3.2. Comparison of Treatment of Patients for Whom NIV Succeeded and Failed
The NIV treatments of the two groups are compared in Table 2. Most NIV patients had hypercapnic RF and more patients with hypercapnic RF experienced NIV success than failure. The median PaO2/FiO2 ratio and PaCO2 values of these patients were 211 and 65 mmHg, respectively. Considering heart and respiratory rates, the PaO2/FiO2 ratio, and PaCO2, patients for whom NIV was successful had milder disease than those for whom NIV failed. Most patients were initially prescribed NIV in an ICU; patients prescribed NIV in general wards were transferred to ICUs. Most patients used oronasal masks. Typically, the initial NIV setting was pressure support mode; the initial IPAP and EPAP settings were 15 and 5 cm H2O. Eleven patients required sedatives during NIV; NIV was delivered for 15 h/day.

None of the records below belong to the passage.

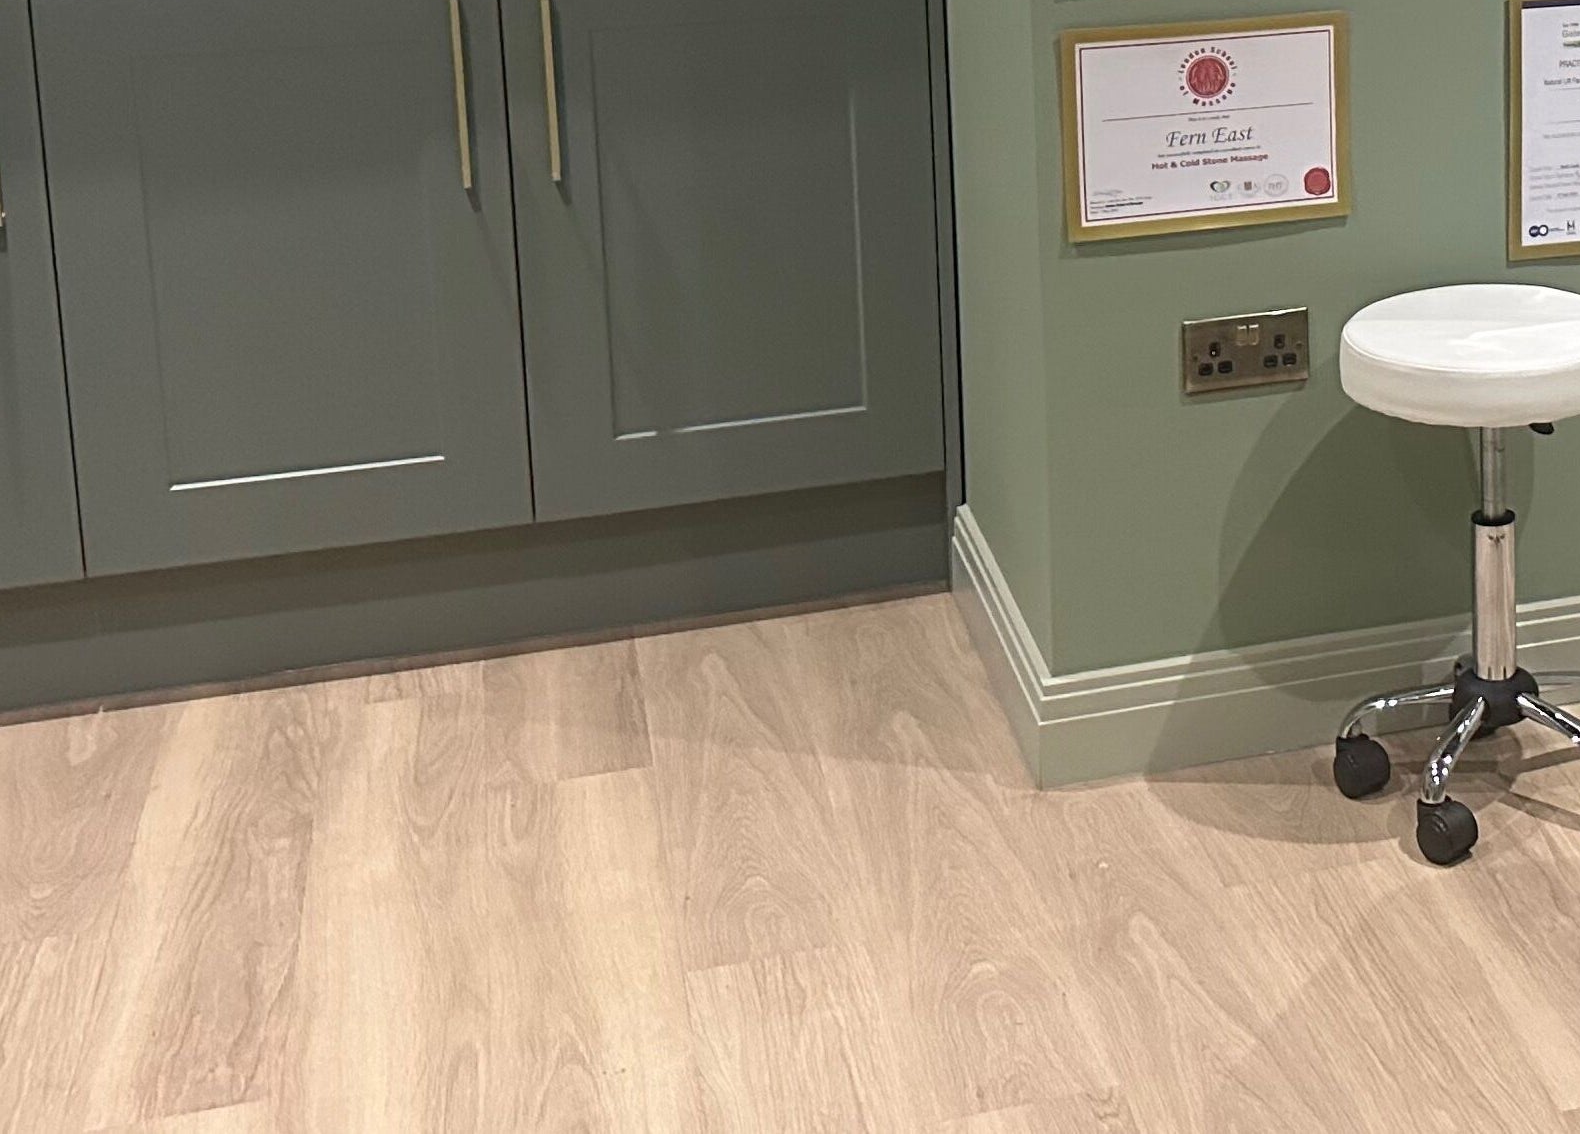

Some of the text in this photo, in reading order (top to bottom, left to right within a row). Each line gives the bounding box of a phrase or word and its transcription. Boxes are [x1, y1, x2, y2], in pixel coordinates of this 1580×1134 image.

[1166, 126, 1253, 147] Fern East
[1152, 162, 1168, 170] Hot
[1180, 160, 1200, 168] Cold
[1202, 158, 1228, 166] Stone
[1231, 154, 1269, 163] Massage

Almost 15% of patients experienced skin erythema and large leakages, but the two groups did not differ significantly.
Table 2.
Comparison of treatment of patients for whom NIV succeeded and failed.

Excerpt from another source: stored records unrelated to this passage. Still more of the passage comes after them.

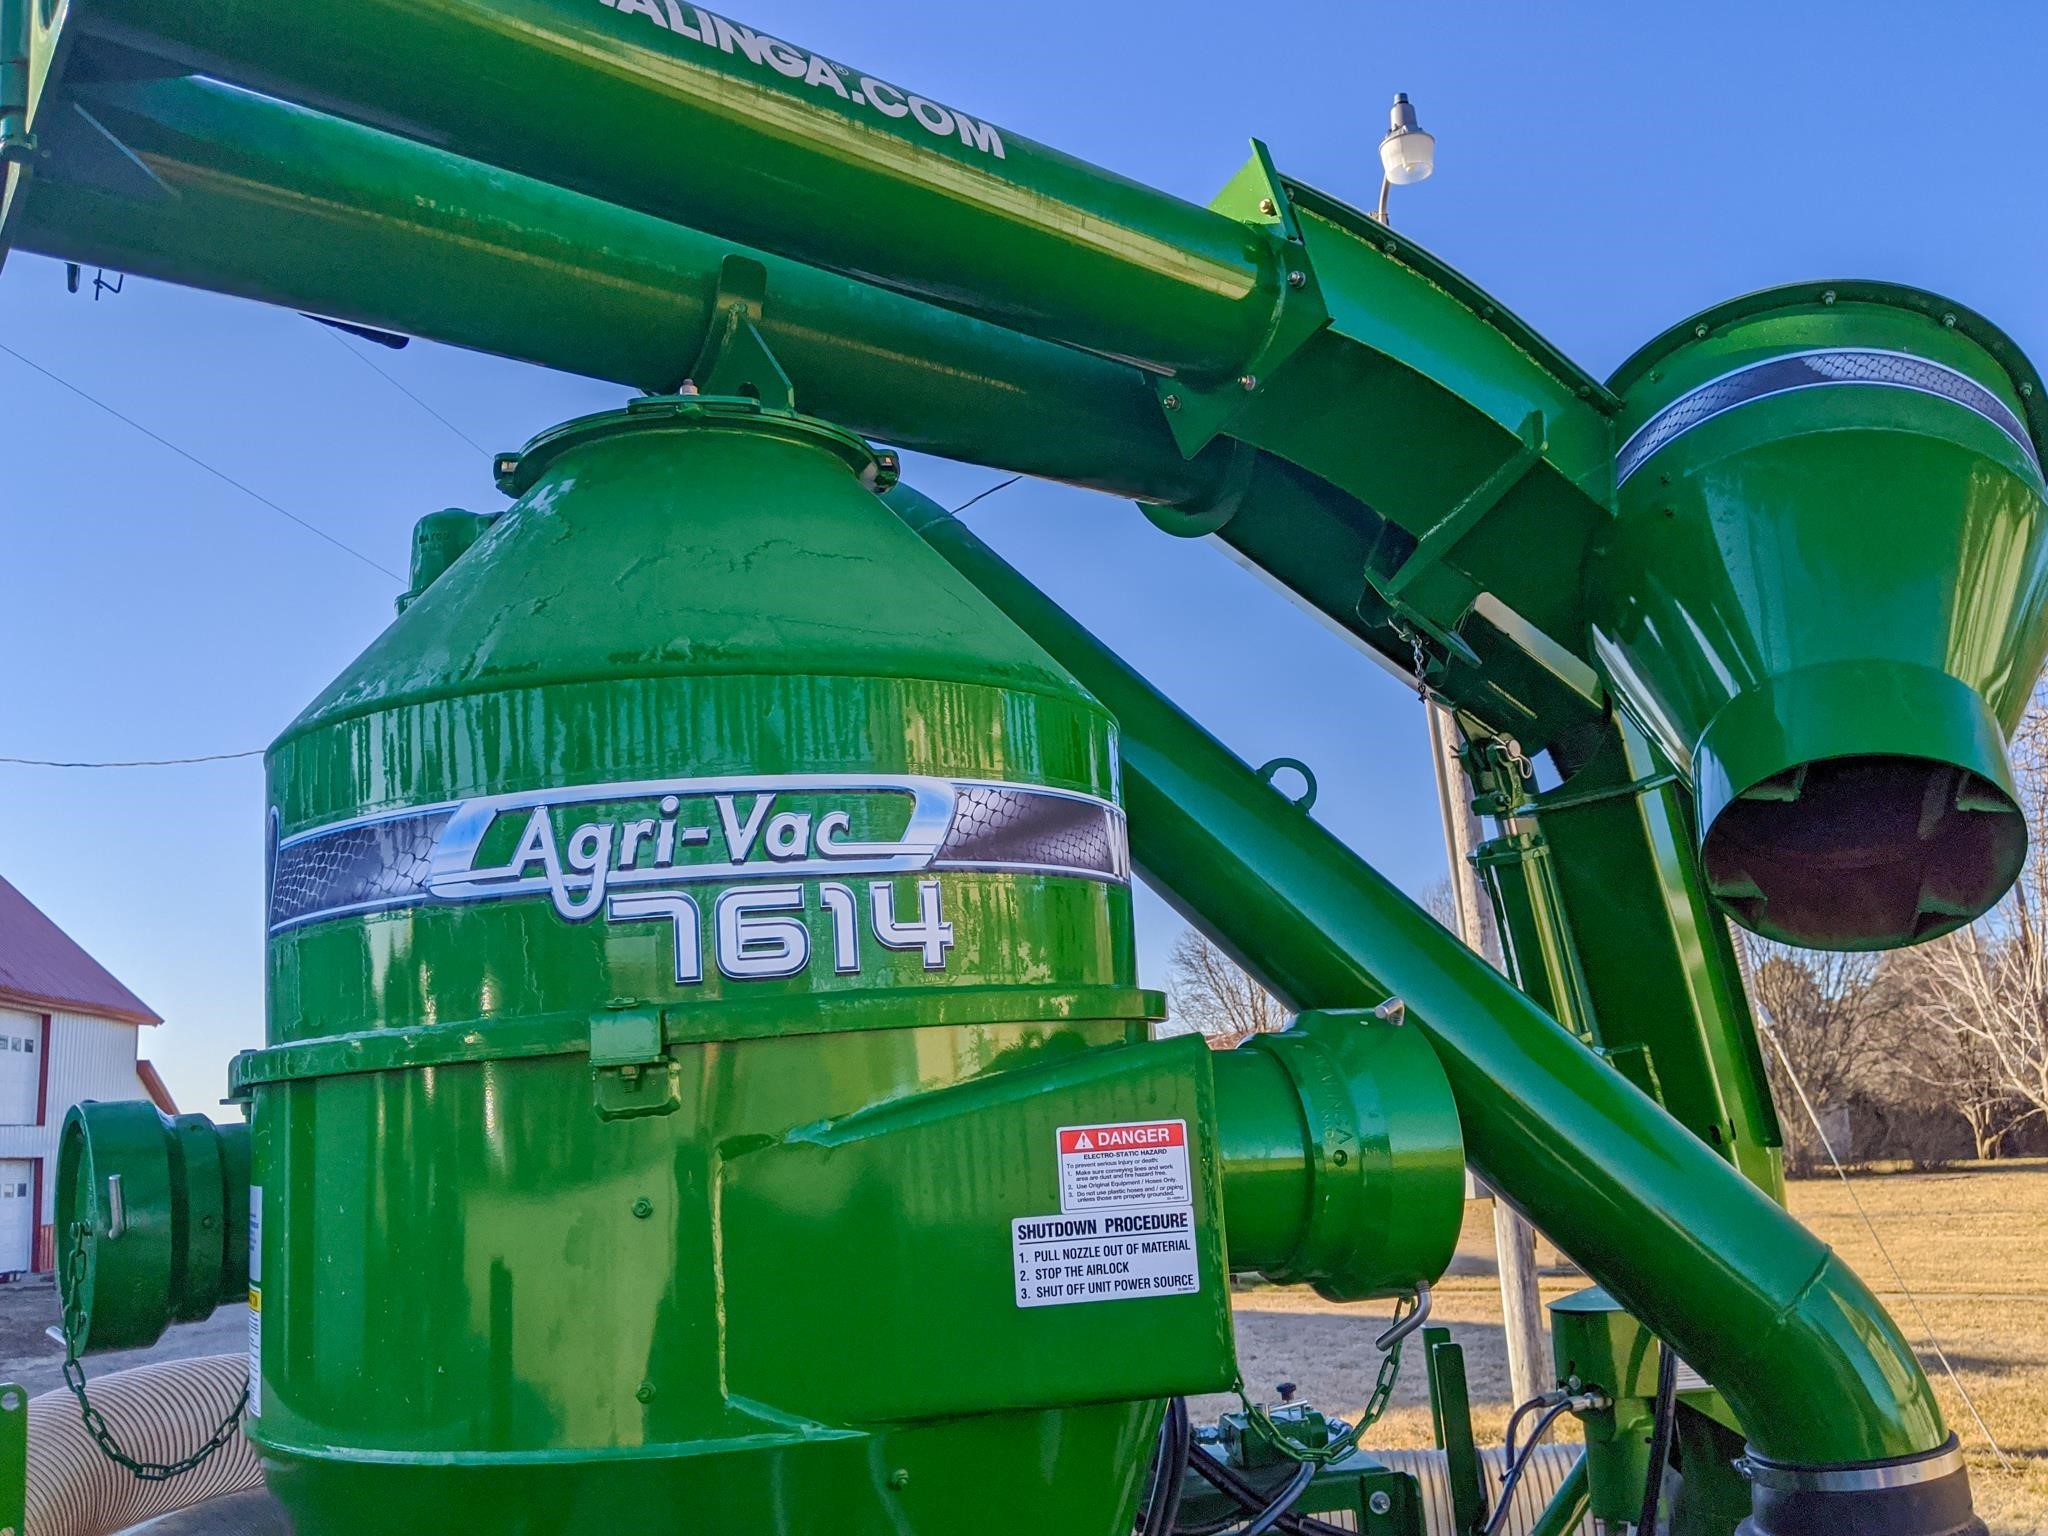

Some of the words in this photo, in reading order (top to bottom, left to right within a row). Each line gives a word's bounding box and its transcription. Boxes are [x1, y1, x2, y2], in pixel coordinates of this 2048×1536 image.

[600, 0, 1005, 159] ALINGA.COM
[503, 792, 858, 920] Agri-Vac
[607, 880, 954, 984] 7614
[1098, 1128, 1170, 1146] DANGER
[1083, 1150, 1139, 1160] ELECTRO-STATIC
[1140, 1148, 1167, 1156] HAZARD
[1105, 1167, 1133, 1175] conveying
[1088, 1181, 1110, 1189] Original
[1111, 1179, 1140, 1187] Equipment
[1107, 1187, 1126, 1195] plastic
[1166, 1183, 1184, 1192] piping
[1123, 1192, 1146, 1200] properly
[1018, 1219, 1097, 1240] SHUTDOWN
[1105, 1212, 1188, 1233] PROCEDURE
[1019, 1252, 1029, 1264] 1.
[1034, 1249, 1061, 1263] PULL
[1062, 1246, 1101, 1260] NOZZLE
[1103, 1244, 1124, 1257] OUT
[1126, 1243, 1140, 1255] OF
[1141, 1239, 1191, 1254] MATERIAL
[1020, 1270, 1030, 1282] 2.
[1035, 1267, 1063, 1280] STOP
[1064, 1265, 1084, 1278] THE
[1086, 1261, 1130, 1276] AIRLOCK
[1021, 1288, 1031, 1300] 3.
[1036, 1284, 1066, 1299] SHUT
[1067, 1282, 1087, 1296] OFF
[1088, 1281, 1112, 1294] UNIT
[1114, 1276, 1152, 1292] POWER
[1153, 1274, 1195, 1289] SOURCE

| Variables | Total | Noninvasive Ventilation | p-Value | |
|---|---|---|---|---|
| n = 78 | Success (n = 46) | Failure (n = 32) | ||
| Cause of the NIV application | ||||
| Hypercapnic RF | 54 (69.2) | 35 (76.1) | 19 (59.4) | 0.139 |
| Hypoxic RF | 13 (16.7) | 3 (6.5) | 10 (31.3) | 0.006 |
| Acute on chronic RF | 11 (14.1) | 8 (17.4) | 3 (9.4) | 0.510 |
| Physiologic parameters on the application of NIV * | ||||
| Systolic BP (mmHg) | 125 (108–144) | 123 (106–142) | 126 (112–150) | 0.318 |
| Heart rate (beats/min) | 98 (83–110) | 92 (82–106) | 107 (85–117) | 0.051 |
| Respiratory rate (breaths/min) | 24 (20–29) | 24 (20–28) | 27 (23–32) | 0.030 |
| Arterial pH | 7.34 (7.28–7.39) | 7.34 (7.29–7.38) | 7.34 (7.27–7.43) | 0.830 |
| PaO2/FiO2 ratio | 211 (139–264) | 214 (142–270) | 199 (100–259) | 0.152 |
| PaCO2 (mmHg) | 65 (50–80) | 69 (59–83) | 53 (43–68) | 0.003 |
| Location of initial NIV application | 0.131 | |||
| Intensive Care Unit | 70 (89.7) | 39 (84.8) | 31 (96.9) | |
| General ward | 8 (10.3) | 7 (15.2) | 1 (3.1) | |
| Interface type | ||||
| Nasal type | 3 (3.8) | 2 (4.3) | 1 (3.1) | 1.000 |
| Oronasal type | 68 (87.2) | 41 (89.1) | 27 (84.4) | 0.732 |
| Total facial type | 1 (1.3) | 0 (0) | 1 (3.1) | 0.410 |
| Helmet type | 6 (7.7) | 3 (6.5) | 3 (9.4) | 0.685 |
| Initial mode | 0.119 | |||
| Assist control mode | 21 (26.9) | 9 (19.6) | 12 (37.5) | |
| Pressure support mode | 57 (73.1) | 37 (80.4) | 20 (62.5) | |
| Initial setting * | ||||
| IPAP (cmH2O) | 15 (12–18) | 14 (12–17) | 15 (13–20) | 0.199 |
| EPAP (cmH2O) | 5 (4–6) | 5 (4–5) | 5 (4–6) | 0.129 |
| Tidal volume (mL) | 400 (309–514) | 390 (303–505) | 410 (334–569) | 0.308 |
| Sedative use | 11 (14.1) | 5 (10.9) | 6 (18.8) | 0.344 |
| Complications during NIV | ||||
| Skin erythema | 12 (15.4) | 8 (17.4) | 4 (12.5) | 0.752 |
| Abdominal distension | 4 (6.4) | 3 (6.5) | 2 (6.3) | 1.000 |
| Dry mouth | 3 (3.8) | 2 (4.3) | 1 (3.1) | 1.000 |
| Aspiration | 2 (2.6) | 2 (4.3) | 0 (0) | 0.510 |
| Claustrophobia | 1 (1.3) | 1 (2.2) | 0 (0) | 1.000 |
| Nasal congestion | 1 (1.3) | 0 (0) | 1 (3.1) | 0.410 |
| Large leaks | 11 (14.1) | 5 (10.9) | 6 (18.8) | 0.344 |
| Duration of NIV (hours/day) * | 15 (7–22) | 16 (10–21) | 12 (3–24) | 0.449 |
Abbreviations: NIV, non-invasive ventilation; RF, respiratory failure; BP, blood pressure; PaO2, arterial partial pressure of oxygen; FiO2, fraction of inspired oxygen; PaCO2, arterial partial pressure of carbon dioxide; IPAP, inspiratory positive airway pressure; EPAP, expiratory positive airway pressure. * Data are presented as median (25th percentile–75th percentile). Other variables are presented as number (percent).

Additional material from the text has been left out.